She jagged to a stop.

This was crazy – crazy wonderful – and I had an overwhelming urge to laugh – or cry – I wasn’t sure which. What I dearly wanted to do was haul her into my arms, kiss her until I couldn’t breathe or she fainted – whichever came first. But then I realised she hadn’t moved.

She was staring at me but the raw hurt in her eyes made my breath still.

Two bright patches of red coloured her cheeks as she ground out through gritted teeth, “I know you don’t; you’ve made that abundantly clear – I’m not _that_ out of practice that I don’t know a knockback when I hear it. I apologise for my clumsy advances but there is no need to be so un…unkind.”

Her voice hitched on the last word and she looked devastated. I stared at her in shock and quickly rewound our conversation. I instantly realized my mistake. Oh, God! Stepping in front of her again, I reached for her upper arms – I could feel the muscles tense under my hands and her cold glare met mine. Her defences were on full deflect – not that I could blame her – but I needed to make her understand.

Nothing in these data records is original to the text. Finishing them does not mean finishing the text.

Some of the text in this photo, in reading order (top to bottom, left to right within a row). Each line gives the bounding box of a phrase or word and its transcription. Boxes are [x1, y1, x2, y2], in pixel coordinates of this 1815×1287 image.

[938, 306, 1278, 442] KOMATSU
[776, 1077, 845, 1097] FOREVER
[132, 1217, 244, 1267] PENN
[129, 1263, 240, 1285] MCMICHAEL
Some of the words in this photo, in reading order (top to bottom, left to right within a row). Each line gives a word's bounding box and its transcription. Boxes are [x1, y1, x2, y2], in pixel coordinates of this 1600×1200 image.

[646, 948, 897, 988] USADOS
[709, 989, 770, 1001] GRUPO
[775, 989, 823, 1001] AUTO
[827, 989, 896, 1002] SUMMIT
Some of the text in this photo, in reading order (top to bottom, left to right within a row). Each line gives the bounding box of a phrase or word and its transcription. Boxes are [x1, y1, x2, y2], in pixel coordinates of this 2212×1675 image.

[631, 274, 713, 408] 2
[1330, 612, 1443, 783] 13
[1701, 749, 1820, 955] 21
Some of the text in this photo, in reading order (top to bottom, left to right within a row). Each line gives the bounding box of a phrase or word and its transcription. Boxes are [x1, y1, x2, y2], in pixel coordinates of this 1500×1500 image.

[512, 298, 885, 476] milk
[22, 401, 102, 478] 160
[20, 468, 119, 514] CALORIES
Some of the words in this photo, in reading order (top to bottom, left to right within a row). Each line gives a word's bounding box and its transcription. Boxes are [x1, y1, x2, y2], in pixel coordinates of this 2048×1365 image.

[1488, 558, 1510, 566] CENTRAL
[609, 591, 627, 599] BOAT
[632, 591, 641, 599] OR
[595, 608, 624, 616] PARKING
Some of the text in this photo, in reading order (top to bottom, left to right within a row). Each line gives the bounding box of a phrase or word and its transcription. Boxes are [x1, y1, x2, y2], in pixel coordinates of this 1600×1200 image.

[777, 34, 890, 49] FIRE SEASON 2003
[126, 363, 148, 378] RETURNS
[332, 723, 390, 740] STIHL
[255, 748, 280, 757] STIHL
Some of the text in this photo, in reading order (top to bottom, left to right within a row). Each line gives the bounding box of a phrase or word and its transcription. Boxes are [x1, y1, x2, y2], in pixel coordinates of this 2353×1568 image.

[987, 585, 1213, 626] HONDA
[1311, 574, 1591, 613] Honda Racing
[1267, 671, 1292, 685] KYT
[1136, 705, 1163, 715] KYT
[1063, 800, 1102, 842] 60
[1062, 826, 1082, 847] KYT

“No, no, Kathryn. That’s not what I meant. Of course, I want you – _God, you have no idea how much I want you_. I meant, I don’t want to take the Bridge.”

She just stared at me. “ _The Bridge!”_

I didn’t understand her reaction. “What?!”

She shook her arms free of my grip. “God, I thought I was bad at this but you take the prize, Commander.” With that, she stepped around me again and headed towards the door. She almost made it before I caught up with her.

I stepped in front of her again but from the look on her face, it was obvious that words weren’t working for us, so I decided that actions might be a better option. The old adage about them speaking louder than words rattled around in my head.

As she moved to brush past, I hooked one arm around her waist and pulled her against me; I just hoped she’d get the gist of what I was trying to say before she could reach for a phaser.

Clumsy was fast becoming our catchcry.

My move to grab her threw me off balance and we met in an awkward sideways embrace. She’d been heading in one direction, I’d been moving in the other and our momentum carried us in a sort of tottering crab-walk across the room. I bent to kiss her but missed her lips and caught a spot between her nose and cheek. Then the angle was all wrong and I found myself tilting precariously to starboard, wobbling on one leg before I righted myself.

It might have been comical if our future happiness didn’t depend on my ability to successfully retrieve this situation. But as her back gently thumped against the wall, our bodies folded around one another and with one hand I cupped her cheek and the other the soft curve of her neck as I leaned in and kissed her.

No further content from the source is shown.